One of the many reasons for watching SW is the way it relates to and reveals currents in contemporary culture (from 1977 to the present), reflecting that culture's understanding of itself and its inherent value system. Conversely the saga's success reflects a deep cultural resonance with its story that is manifested in a zealous fan base and has further enabled several of the characters to take on a life of their own (Darth Vader advertises a throat lozenge and Mark Hamill plays himself acting the Luke Skywalker character in an episode of The Simpsons, for instance).

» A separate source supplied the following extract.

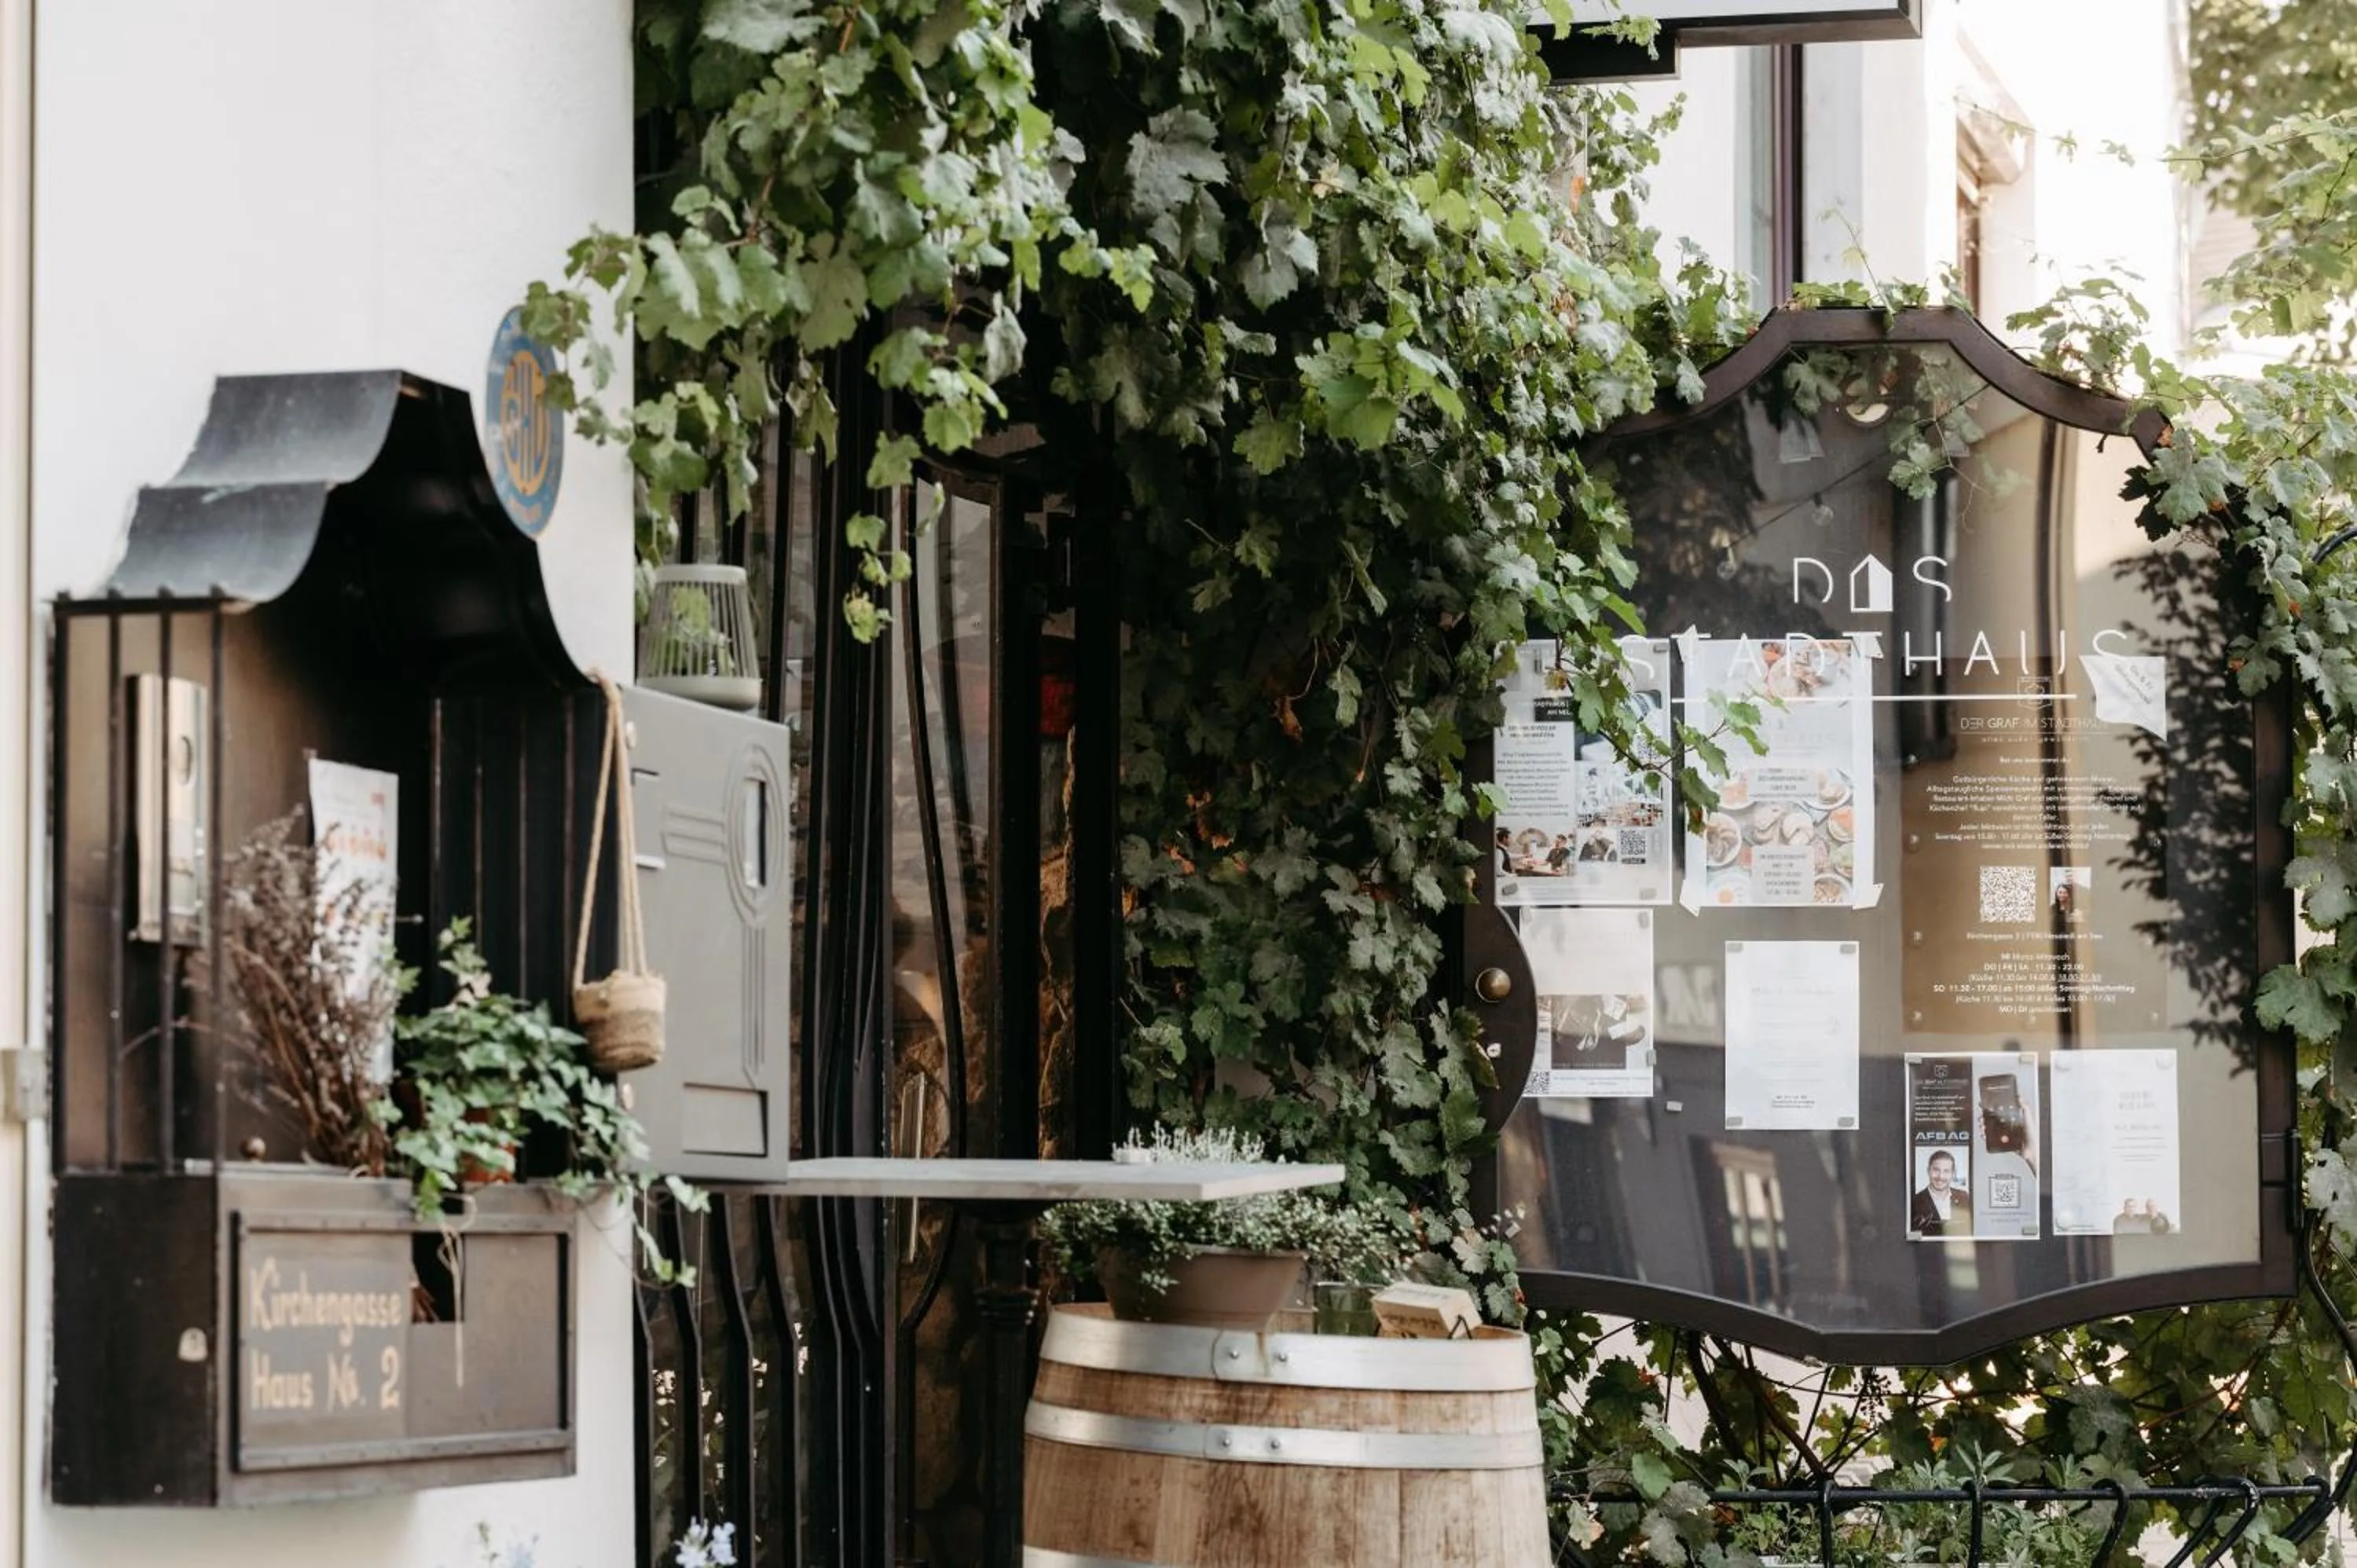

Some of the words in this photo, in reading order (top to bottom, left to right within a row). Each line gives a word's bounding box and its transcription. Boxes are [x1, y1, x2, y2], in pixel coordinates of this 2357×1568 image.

However, not only does the saga distill something of the ethos of popular culture; it is also significantly culturally generative. Put another way, it can shape and reshape the ways in which many think and feel about themselves and their world. Because of its massive appeal worldwide — particularly at a time characterized by fragmented and professionalized knowledge — SW is enviably well positioned for mass communication. It is well placed to appeal to, generate, and reinforce a certain collective consciousness with a shared stock of images, narratives, and categories. As Orson Scott Card observes, "Hardly anybody can answer the easy Bible questions on Jeopardy anymore, but almost everybody can tell you about Obi-Wan Kenobi, Darth Vader, Yoda, and The Force." James Ford suggests it even carries "more influence among young adults than the traditional religious myths of our culture." In this way the saga seems to fit Conrad Kottak and Kathryn Kozaitis's criteria for "myth": expressing "fundamental cultural values," being "widely and recurrently told among, and ... [having] special meaning to, people who grow up in a particular culture," and also "at least partly fictionalized." Yet critics such as John Baxter see Lucas's control over the saga as somewhat subverting this sense of ANH as popular mythology:
Although Lucas claimed he had created Star Wars to endow mankind with the mythology it lacked, his behaviour became less and less philanthropic with the film's success. Over the next decade, he became obsessively proprietorial of his characters and ideas, ruthlessly pursuing anyone using them without permission and payment.... Real mythology, by its very nature, is communal, and open to interpretation by all. But Lucas ... hadn't given us a mythology; we could only rent it.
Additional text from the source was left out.